Other cancer treatments, such as androgen deprivation therapy for prostate cancer, have also been shown to increase hypoxia within cancer cells. The same dynamic may be occurring, and it may be helpful to administer HIF inhibitors in concert with these therapies. 

Additionally, we think HIF-mediated immune evasion is a major reason that the new immuno-oncology drugs—even though they can have dramatic effects in select patients—are not successful in most patients. Re-establishing just one immune pathway, as is the case with immune checkpoint inhibitors, is likely not enough to prevent cancer cells from evading the immune system. However, if we inhibit HIF activity, we can affect the expression of multiple factors that promote immune evasion; we think this strategy might be useful in sensitizing patients to immune checkpoint inhibitors. 

What are some strategies for targeting hypoxia and HIFs for cancer treatment? 

Whereas most cancer therapies target dividing cancer cells, which are generally the more oxygenated cells within the tumors, there aren’t any approved therapies that target hypoxic cells. We have spent the past 15 or so years trying to identify ways in which the HIFs promote cancer progression and to develop HIF inhibitors that might be useful to treat patients. 

Our research has focused on understanding the process that leads to metastasis after various therapies. We have identified a large set of hypoxia- and HIF-induced genes that promote metastasis and have broken down the metastatic process into discrete steps to identify target genes responsible for each of those steps.  

Based on this work, we believe that strategies targeting the cancer stem cells are extremely important. When a tumor recurs after initially responding to treatment, this is likely because a population of cells with stem cell properties survived the initial therapy and then came back to form the recurrent disease. Of course, targeting HIF-induced immune evasion pathways is also going to be critical to prevent development of the lethal cancer phenotype.  

What are the latest advances in targeting HIFs for cancer treatment? 

There have been some encouraging clinical results with an inhibitor of HIF-2. The inhibitor, PT2385, binds directly to the HIF-2α subunit and prevents its dimerization with HIF-1β, which is a necessary step to activate expression of HIF-induced genes.
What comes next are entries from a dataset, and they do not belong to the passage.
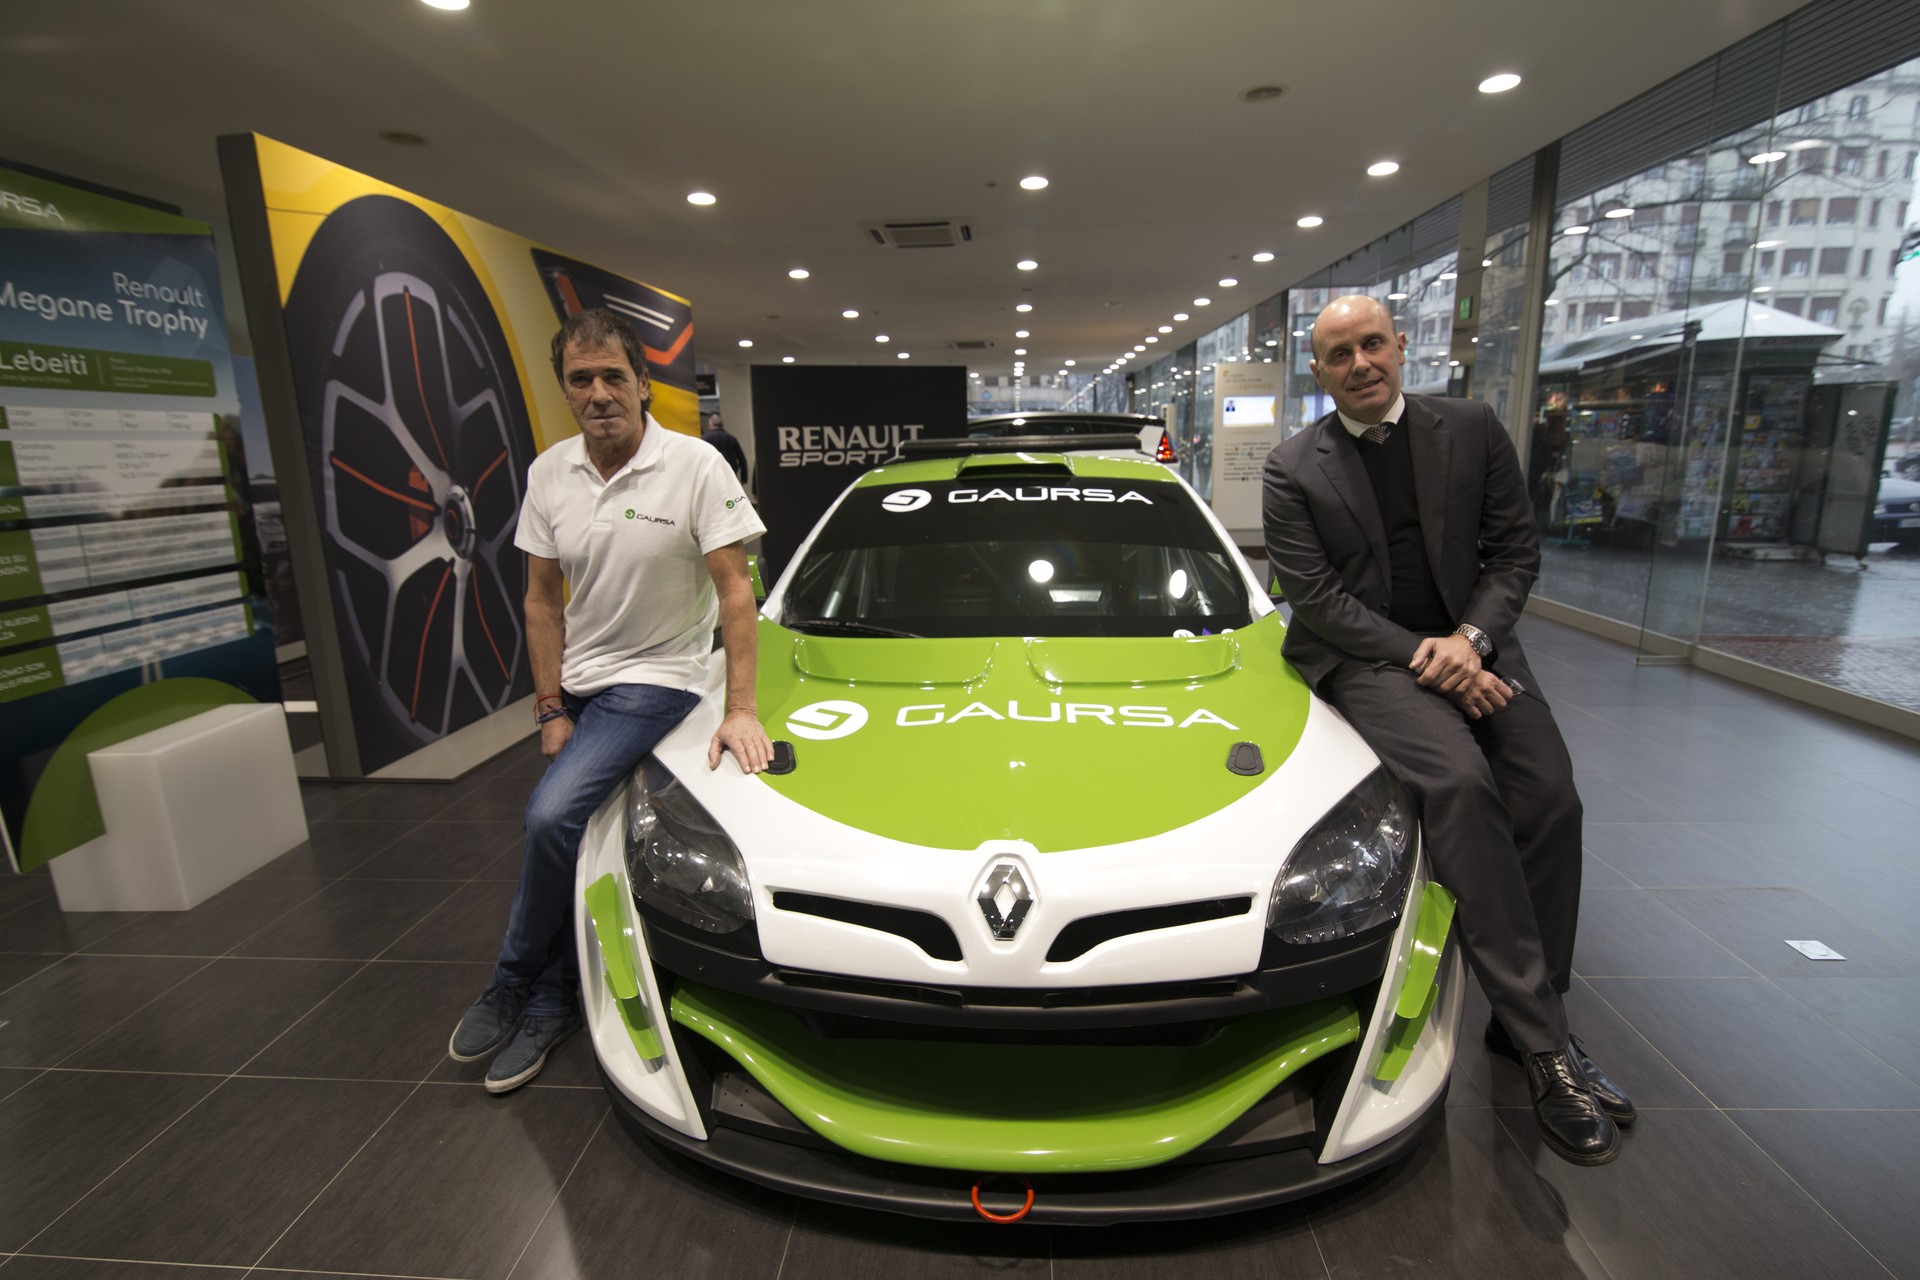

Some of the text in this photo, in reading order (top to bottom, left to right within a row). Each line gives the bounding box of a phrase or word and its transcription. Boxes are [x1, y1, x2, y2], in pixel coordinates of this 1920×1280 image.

[112, 271, 206, 308] Renault
[117, 299, 209, 340] Trophy
[0, 349, 88, 375] Lebeiti
[777, 424, 924, 451] RENAULT
[779, 450, 888, 467] SPORT
[947, 486, 1153, 505] GAURSA
[636, 513, 676, 526] GAURSA
[895, 700, 1240, 731] GAURSA
This drug is currently being tested in patients as a treatment for kidney cancer, where HIF-2α plays a particularly important role. The phase I trial with this drug showed some promising results in patients with advanced kidney cancer.  

It is quite amazing that what started out as very basic research on protein structure quickly led to the development of this drug that may be useful in treating cancer. For many years, the dogma in the pharmaceutical world seemed to be that the HIFs were not druggable targets because of their nuclear localization. These studies provide proof of principle that targeting the HIFs is a bona fide strategy for cancer therapy.